The polyimide precursor obtained by making the diamine component containing the diamine compound of Claim 12, and an acid dianhydride component react. The polyimide precursor of Claim 13 in which the said diamine component contains the diamine compound further represented by following formula [3].
(7)

(Y ₁ is a single bond,-(CH ₂ ) _a- (a is an integer from 1 to 10), -O-, -CH ₂ O-, -COO-, and 2 selected from the group consisting of -OCO- Y ₂ is a single bond or a divalent organic group selected from (CH ₂ ) _b − (b is an integer of 1 to 10), and Y ₃ is a single bond, — (CH ₂ ) _c. (c is an integer of 1 to 10), -O-, -CH ₂ O-, -COO-, and -OCO-. A divalent organic group selected from the group consisting of Y ₄ represents a benzene ring and a cyclo.

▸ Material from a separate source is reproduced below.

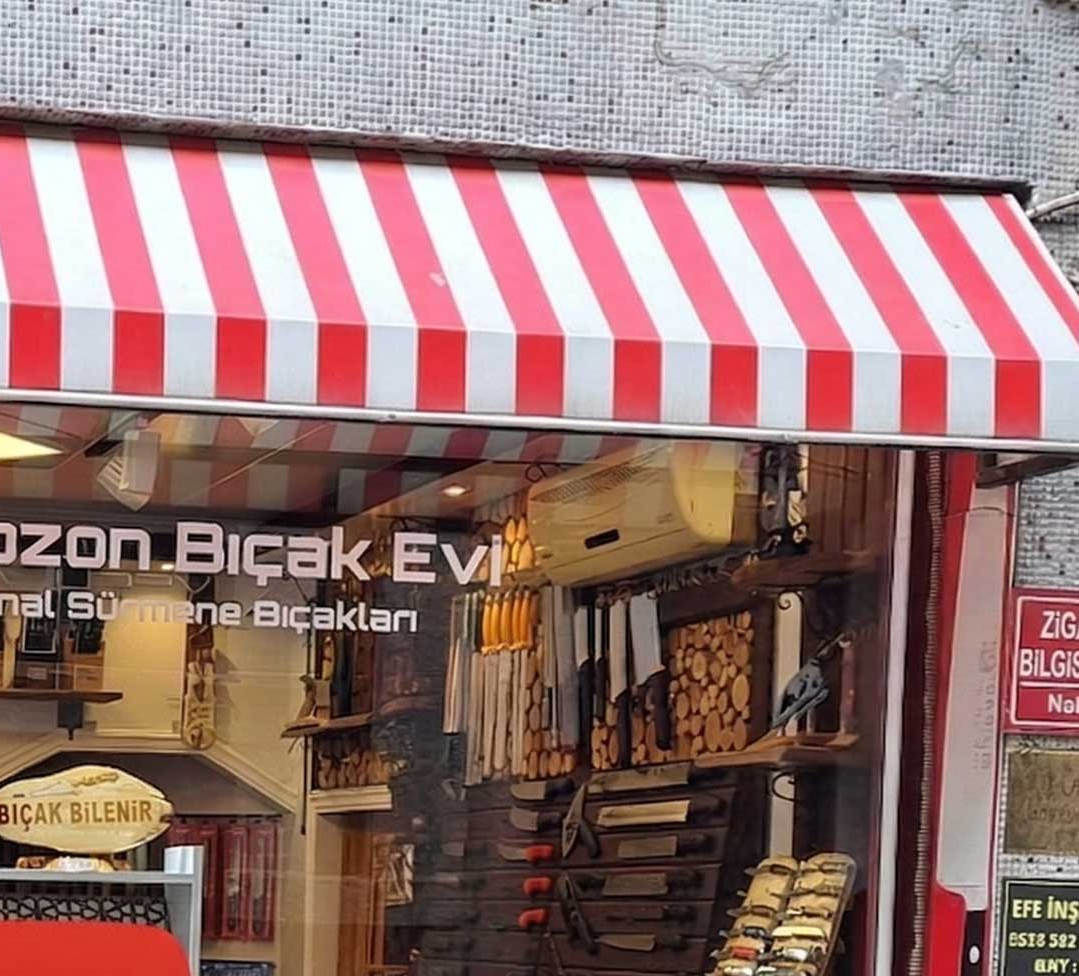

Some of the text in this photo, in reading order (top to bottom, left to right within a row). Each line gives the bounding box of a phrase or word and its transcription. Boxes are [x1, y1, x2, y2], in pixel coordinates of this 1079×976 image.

As a cyclic group chosen from the group which consists of a hexyl ring and a heterocyclic ring, arbitrary hydrogen atoms on these cyclic groups are a C1-C3 alkyl group, a C1-C3 alkoxyl group, a C1-C3 fluorine-containing alkyl group, C1-C1 - a divalent organic group selected from organic groups having a carbon number of 12 to 25 having a fluorine-containing alkoxy group or a fluorine-substituted divalent organic group which is, or steroid skeleton of 3. Y ₅ Is a cyclic group selected from the group consisting of a benzene ring, a cyclohexyl ring and a hetero ring, and any hydrogen atom on these cyclic groups is an alkyl group having 1 to 3 carbon atoms, an alkoxyl group having 1 to 3 carbon atoms, or having 1 to 3 carbon atoms. a fluorine-containing alkyl group, having 1 to 3 fluorine-containing alkoxy group or a divalent organic group which is a fluorine atom may be substituted, n is an integer of 0 ~ 4. Y ₆ is an alkyl group having 1 to 18 carbon atoms, having 1 to 18 carbon atoms Fluorine-containing alkyl group, a C1-C18 alkoxyl group, or a C1-C18 fluorine-containing alkoxyl group, m is an integer of 1-4) The polyimide precursor of Claim 13 or 14 whose said acid dianhydride component is tetracarboxylic dianhydride represented by following formula [4].
[Chemical Formula 8]

(Z ₁ is a tetravalent organic group having 4 to 13 carbon atoms and further has a non-aromatic cyclic hydrocarbon group having 4 to 10 carbon atoms) The liquid-crystal aligning agent of Claim 15 whose Z <_1> in the said tetracarboxylic dianhydride is an organic group of any structure of following formula [4a]-a formula [4j].
[Chemical Formula 9]

(In formula [4a], Z <_2> -Z <_5> is respectively independently group chosen from a hydrogen atom, a methyl group, a chlorine atom, or a benzene ring, and in formula [4g], Z <_6> , Z <_7> is respectively independent. Is a hydrogen atom or a methyl group) The polyimide obtained by dehydrating and ring-closing the polyimide precursor in any one of Claims 13-15.